A locus for bilateral perisylvian polymicrogyria maps to Xq28

Abstract

Polymicrogyria (PMG) is one of a large group of human cortical malformations that collectively account for a significant percentage of patients with epilepsy, congenital neurological deficits, and intellectual disability. PMG is characterized by an excess of small gyri and abnormal cortical lamination. The most common distribution is bilateral, symmetrical, and maximal, in the region surrounding the sylvian fissures, and is known as "bilateral perisylvian polymicrogyria" (BPP). Most cases are sporadic, although several families have been observed with multiple affected members, usually following an X-linked inheritance pattern. Here we report the first genetic locus for BPP mapped by linkage analysis in five families. Linkage places the critical region for BPP at Xq28 (LOD score 3.08 in Xq28, distal to DXS8103 by multipoint analysis).
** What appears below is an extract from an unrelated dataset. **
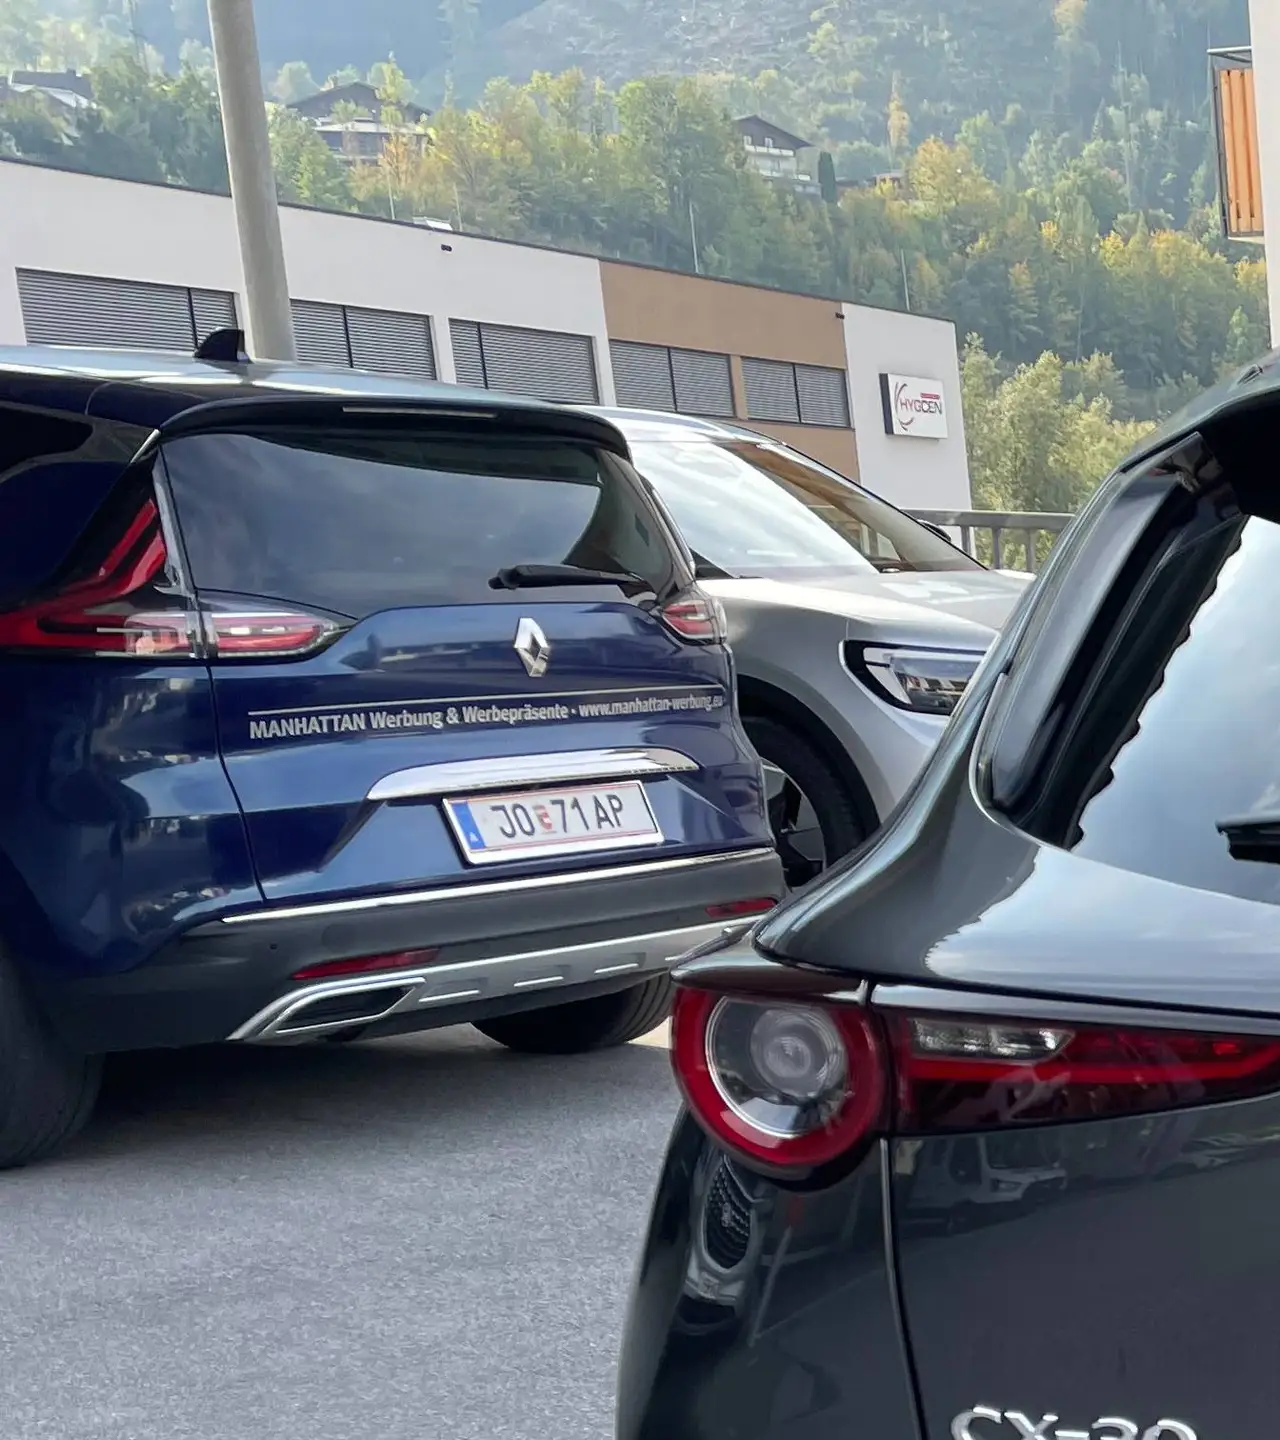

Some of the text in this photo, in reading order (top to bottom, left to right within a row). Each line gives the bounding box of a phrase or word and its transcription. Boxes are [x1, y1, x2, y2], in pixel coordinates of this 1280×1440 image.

[249, 694, 723, 739] MANHATTAN Werbung & Werbepräsente www.manhattan-werbung.eu
[490, 803, 536, 839] JO
We suggest that this region contains a gene that is necessary for correct neuronal organization and that the identification of this gene will both enhance our understanding of normal cortical development and accelerate the identification of other genes responsible for PMG.

Figure 1

Pedigrees of families included in analysis. All affected children (black symbols) have definite or probable BPP. In family LP97-096, individual LP97-096a1 (gray symbol) has a milder form of BPP as compared to her affected brother (i.e., individual LP97-096a2). MRI scans were not performed on the patients denoted by an asterisk (*).

Figure 2

MRI scans of patients LP98-002a1 and LP99-146a1, showing sagittal T1 (top) and axial T2 (bottom) images for both patients. The images show bilateral extended sylvian fissures lined by polymicrogyric cortex, showing characteristic stippling of the gray-white junction and an irregular, overfolded cortical ribbon (arrows).

Figure 3

X-chromosome haplotypes in family LP98-002. Only informative individuals are indicated. The crossovers in the affected children are labeled by an “X.” The critical region (DXS8103–Xqter) is the only region on the X chromosome that the three affected boys share.

Figure 4

Result of multipoint linkage analysis in set of five families with BPP. Real genetic distances between the markers were used to perform the calculations. For clarity purposes, only one of every five markers is indicated on the genetic distance axis. The maximum LOD score is 3.08 in the region distal to DXS8103.